A bit strong but more or less on the money. And he lambastes the Bees on grounds which are difficult to refute. See the PEP column of June 1.
To date I have seen no apologies from the Bees for their policies (code named STIBIA – sell the island, bring in aliens) which so infuriated Bajans. Nor any promise to change direction if elected in the future.
The Bees seem not to understand that short-term economic prosperity does not translate into a happy or contented populace. And they act as if we, the Bajan electorate, were guilty of voting out a blameless party.
The Dems inherited the aftermath of these policies and the infuriation continues because they have been unable to stem the take-over and exploitation of our businesses, agricultural lands, utilities and banks by foreign entities. Mr Stuart faces an uphill battle.
Columnist Adrian Clarke is daily “reminded of the anger and frustration Barbadians are going through”. At times he wonders if “some of what is happening in the Middle East will spill over to us”. And he fears that if the political leaderships do not change direction and start delivering, “one day we will see the updated version of 1937”. Let’s hope not.
What a sorry admission that, after 46 years of Independence and running our own affairs, our political systems have so dismally failed us.
The problem is that our leaders sign on to concepts which come back to enslave us, concepts like CARICOM (literally “carry our commercial activity elsewhere); “globalization” (pronounced “glow-bull-ization” – the outside controllers get the “glow” and what do we get?
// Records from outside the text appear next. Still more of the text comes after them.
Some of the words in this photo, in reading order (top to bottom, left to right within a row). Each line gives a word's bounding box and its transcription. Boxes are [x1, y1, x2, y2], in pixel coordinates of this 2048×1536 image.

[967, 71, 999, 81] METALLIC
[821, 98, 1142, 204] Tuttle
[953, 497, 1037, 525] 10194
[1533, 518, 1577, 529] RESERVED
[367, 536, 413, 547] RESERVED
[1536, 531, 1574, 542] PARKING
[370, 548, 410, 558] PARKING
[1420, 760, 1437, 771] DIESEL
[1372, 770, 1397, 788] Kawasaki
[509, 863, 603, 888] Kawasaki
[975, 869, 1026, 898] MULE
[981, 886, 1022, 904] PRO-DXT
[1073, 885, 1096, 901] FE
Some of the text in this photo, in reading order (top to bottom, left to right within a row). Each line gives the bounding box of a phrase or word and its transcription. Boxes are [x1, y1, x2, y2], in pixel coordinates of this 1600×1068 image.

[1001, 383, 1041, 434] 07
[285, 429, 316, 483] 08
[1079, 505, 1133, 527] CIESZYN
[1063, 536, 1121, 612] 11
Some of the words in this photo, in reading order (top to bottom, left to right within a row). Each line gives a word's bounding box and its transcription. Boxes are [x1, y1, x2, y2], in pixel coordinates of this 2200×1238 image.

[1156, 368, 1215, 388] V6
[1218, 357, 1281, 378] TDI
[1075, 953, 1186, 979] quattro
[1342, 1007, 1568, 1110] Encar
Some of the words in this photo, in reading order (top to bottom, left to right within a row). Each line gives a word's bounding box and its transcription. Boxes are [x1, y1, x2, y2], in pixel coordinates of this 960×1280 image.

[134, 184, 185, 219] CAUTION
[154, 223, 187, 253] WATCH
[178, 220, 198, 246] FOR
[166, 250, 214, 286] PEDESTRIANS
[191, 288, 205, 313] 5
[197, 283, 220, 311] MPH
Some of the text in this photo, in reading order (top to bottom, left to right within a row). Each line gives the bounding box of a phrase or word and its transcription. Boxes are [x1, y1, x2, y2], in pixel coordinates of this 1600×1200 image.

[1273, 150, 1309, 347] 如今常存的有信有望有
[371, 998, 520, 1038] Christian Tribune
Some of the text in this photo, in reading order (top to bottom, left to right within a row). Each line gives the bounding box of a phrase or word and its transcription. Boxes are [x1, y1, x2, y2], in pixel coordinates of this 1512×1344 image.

Exactly!); and, worst of all, democracy (de mockery of de people).
Democracy is an adversarial system of one-upmanship: you give free education, I give free school meals, you give free computers, I give free bus fares, on and on until we reach the point, like now, where we can’t pay the university bill.
Democracy creates the myth that the people run the country. But since the masses tend to vote for whichever party promises the most handouts (a sure recipe for disaster) and since political parties depend heavily on business tycoons for financial support, you can figure who ultimately calls the shots.
Some reckon that under democracy leaders have the first 100 days to make meaningful changes. After that, they’re focused on spreading (and receiving) largess to win the next election.
Harold K. Nicholls of bakery fame used to stop by to chat. After the Grenada revolution he went down to assist and was amazed at what a unified people working together could achieve.
This was no democracy. The elected government had been overthrown, the constitution suspended.
And from all reports, it worked wonders until some members got too power-hungry.
The political future isn’t boding well for Barbados. The word on the street is that elections will be in October; the Minister of Agriculture’s recent outburst could be a sign that he is crossing over; if the Dems go into the election with Mr Stuart as leader, it will not go down well if they ditch him after winning; and the outcome of the Mia/Owen saga is anybody’s guess.
    This is not the first crisis we Bajans have faced and we can ride it out if we stick together. We must reject those who seek to divide us into Euro-Caribbeans, Afro-Caribbeans, Indo-Caribbeans and whatever or on religious differences.
     Every day world headlines scream the pointless suffering and senseless killings in countries where history and ethnic divisions have been exploited to turn citizens against each other.
   In the end, disillusioned, they go home to find that no real change has been effected.
    May calm Bajan common sense ever prevail.
• Richard Hoad is a farmer and social commentator.